The management team, led by Francesco Conte and Edward Greaves, follow a process based around three key pillars: ‘value’, ‘quality’ and ‘momentum’. We explain these in greater detail in the Portfolio section. Though the team are bottom-up stock pickers, a number of thematic trends have naturally emerged from their process. While the overarching themes remain the same, the team have begun to make subtle changes to how they are incorporated, adapting to the increasing valuations in certain sectors.
Over the last five years JEDT has outperformed its benchmark, though it continues to lag its peer group average. JEDT’s recent outperformance has been driven by its sectoral allocation, which capitalised on the tailwinds created by some thematic trends. Moreover, the JEDT team highlight the relative strength of European small caps, which have outperformed European large caps by nearly 100% over ten years. European small caps have also kept pace with global equity markets, as we describe in the Performance section. JEDT has also seen its ESG credentials improving, having now been rated as ‘above average’ by Morningstar. JEDT currently trades on a 13.3% discount, one of the widest of any trust in both the European small-cap and large-cap peer groups.
We view JEDT as offering investors a measured approach to European small-cap growth investing. While the managers are clear in their intention to purchase companies with long growth trajectories, this is tempered by their focus on quality and valuation sensitivity. This may be attractive to more cautious investors who still wish to gain access to attractive growth opportunities in Europe without having to expose themselves to substantial valuation risk. We think this may become particularly relevant during a rising interest rate environment, as it could impair the more expensive growth stocks.
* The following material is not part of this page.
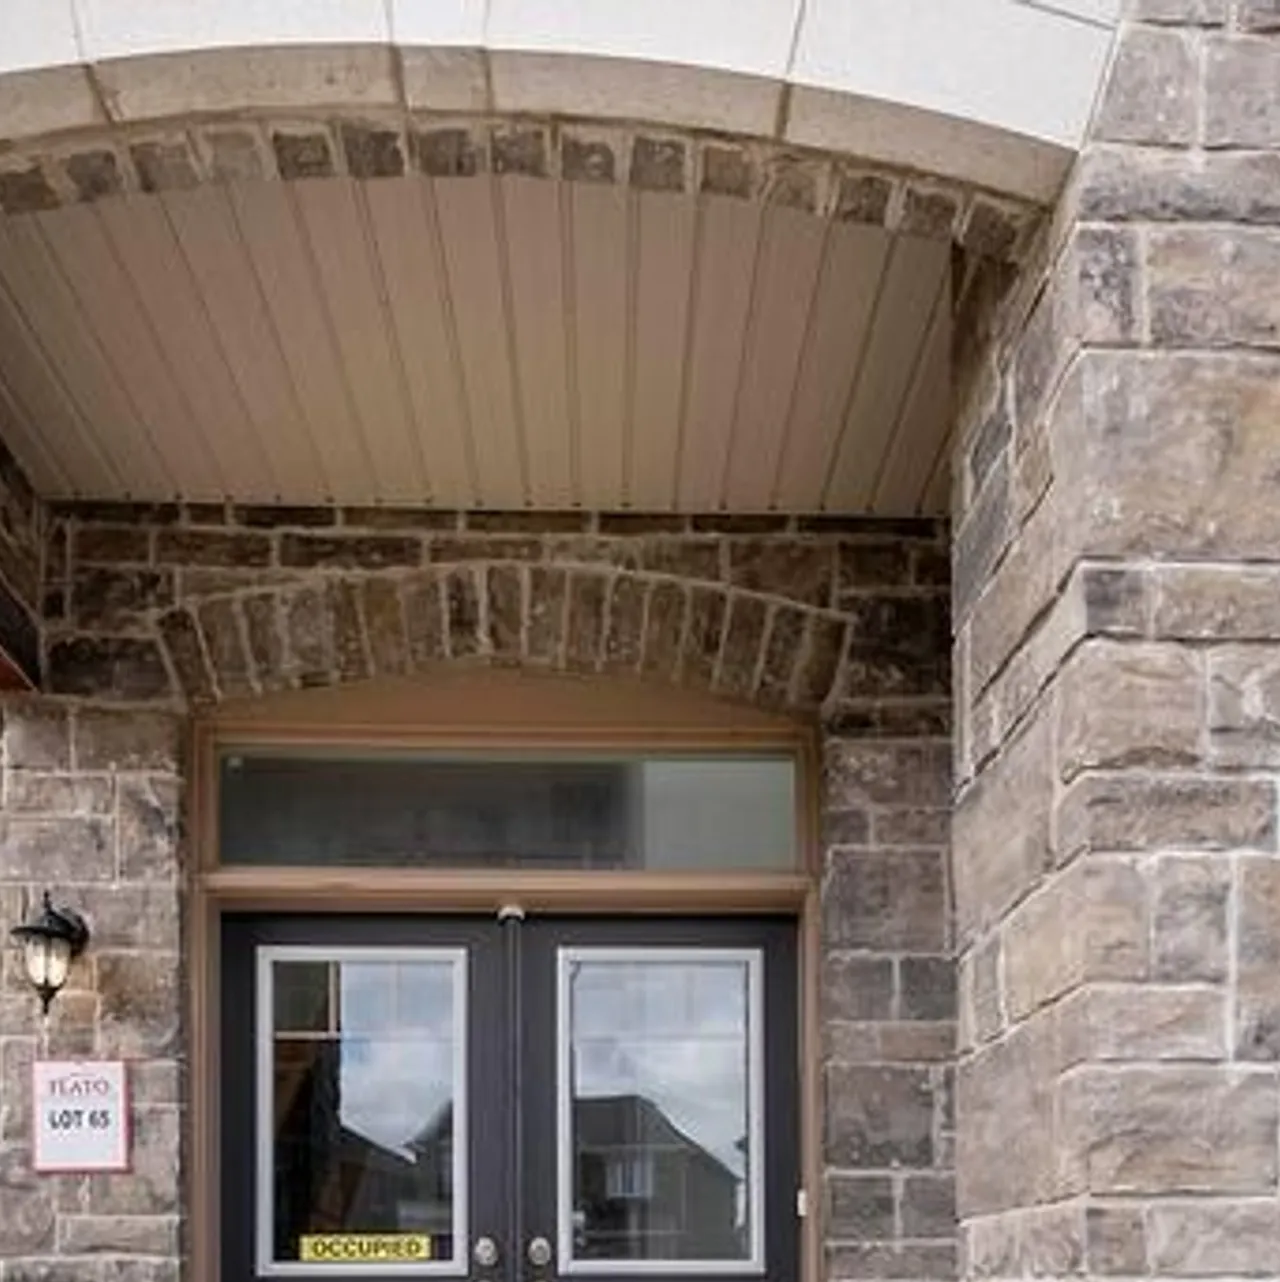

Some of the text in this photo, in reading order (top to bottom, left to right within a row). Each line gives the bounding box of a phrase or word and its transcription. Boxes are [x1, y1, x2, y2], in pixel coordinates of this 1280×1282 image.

[48, 1108, 111, 1130] LOT 65
[311, 1239, 423, 1258] OCCUPIED
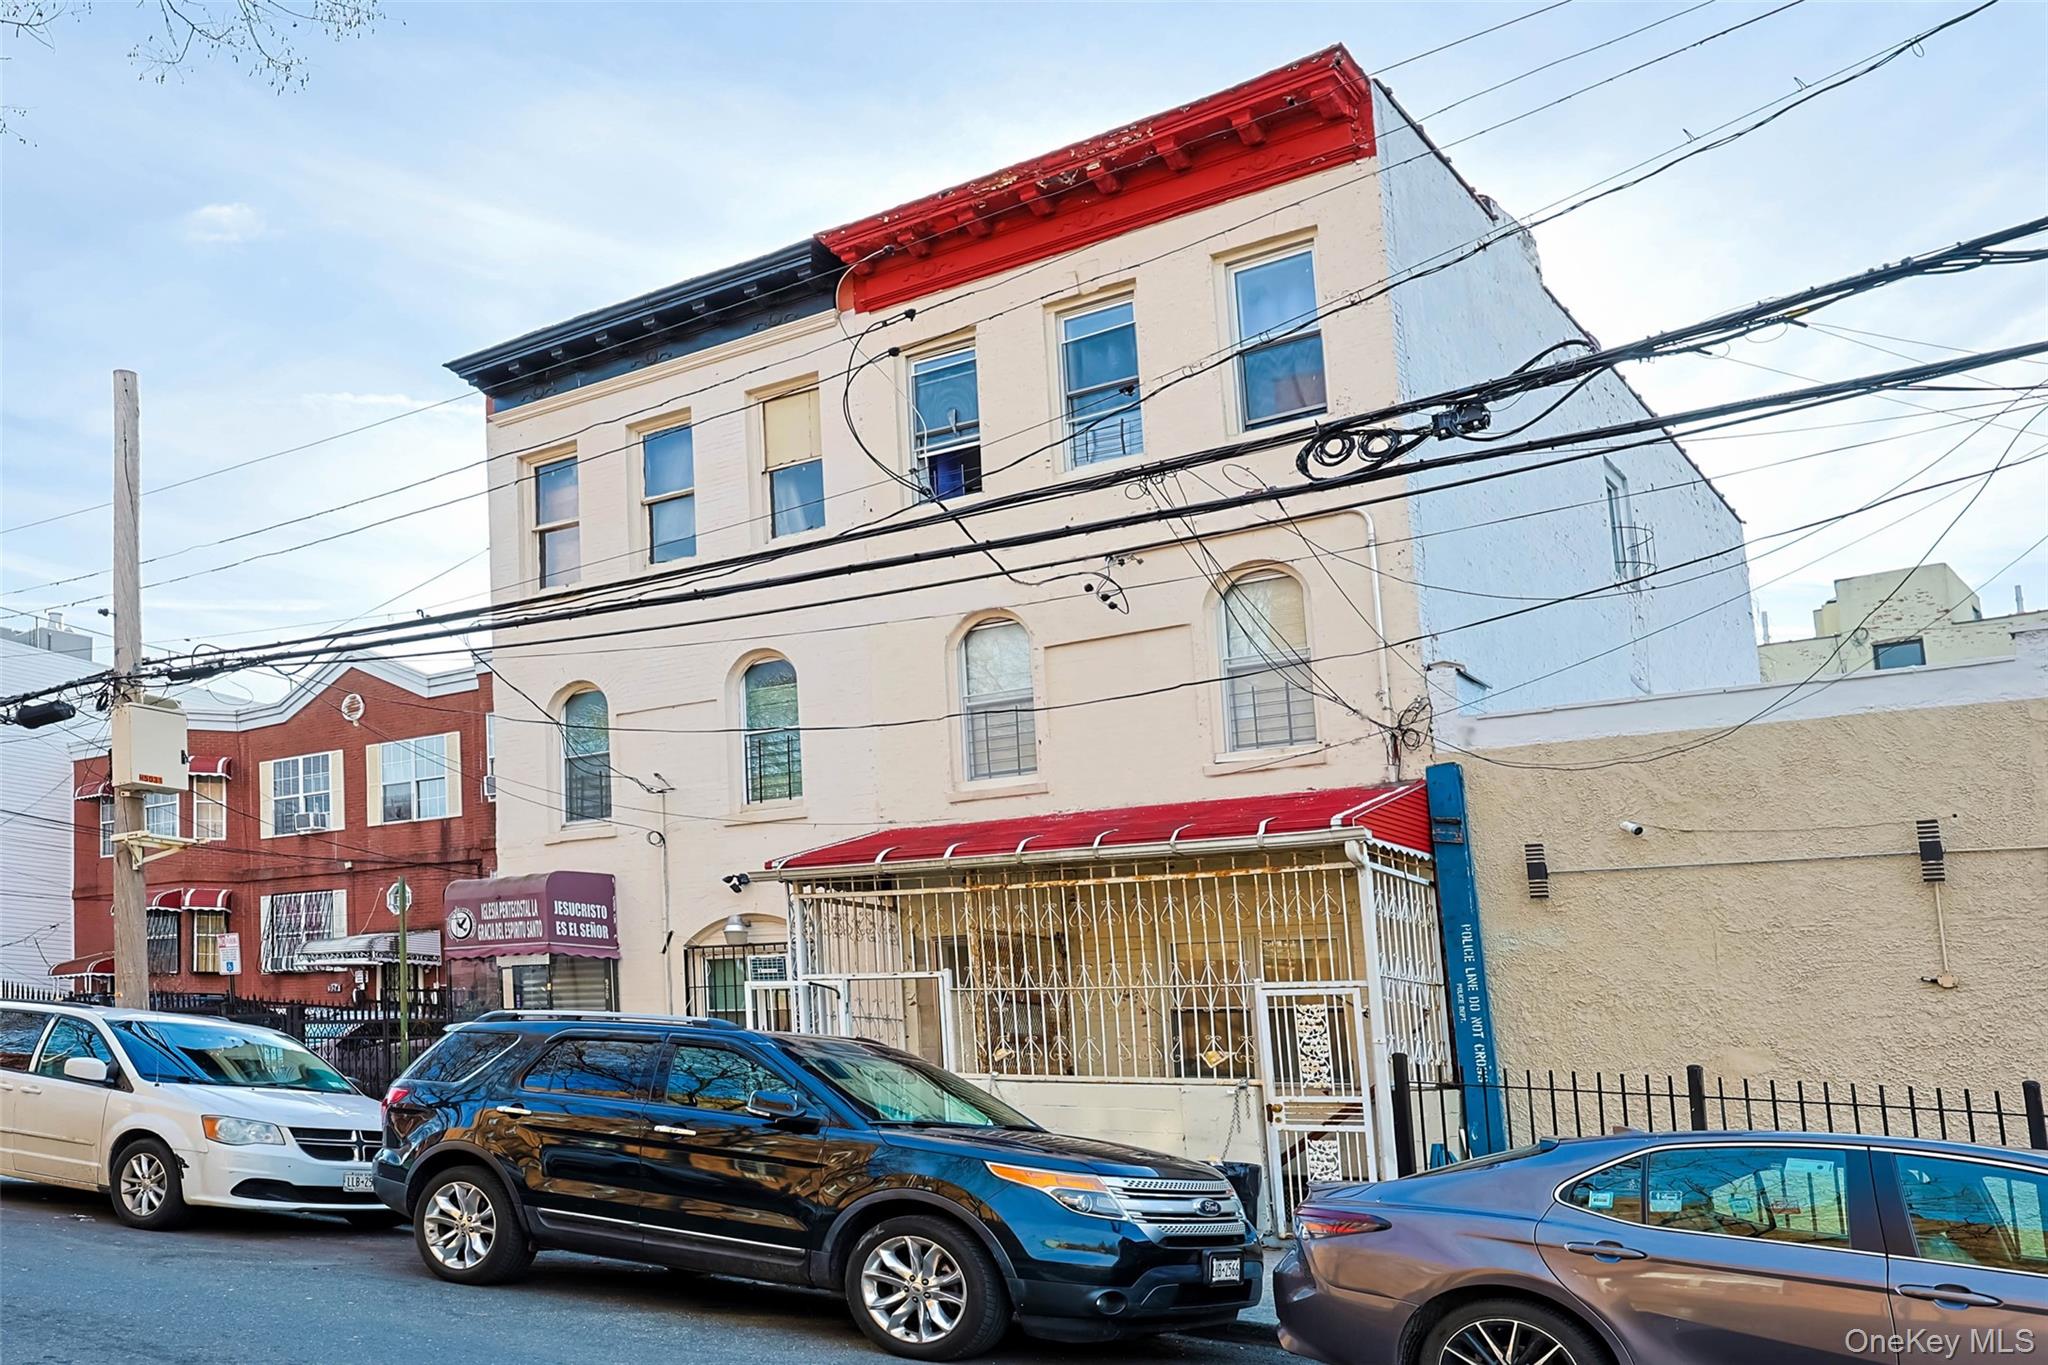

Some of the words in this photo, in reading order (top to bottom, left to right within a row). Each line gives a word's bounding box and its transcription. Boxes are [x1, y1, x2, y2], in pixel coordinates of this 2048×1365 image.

JEDT’s increasing ESG credentials could make it appeal to investors who value this highly, now that its ESG score has been upgraded to ‘above average’, which was achieved without adopting an explicit ESG exclusion system. The team’s use of sustainability as an investment theme has been a contributing factor, and may also be able to provide additional tailwinds for JEDT’s NAV return. The EU is in the process of rolling out a series of stimulus and policy measures to promote economic sustainability, which may prove to be directly beneficial for many of JEDT’s holdings, either through increased demand for renewables or through the infrastructure projects vital for their provision.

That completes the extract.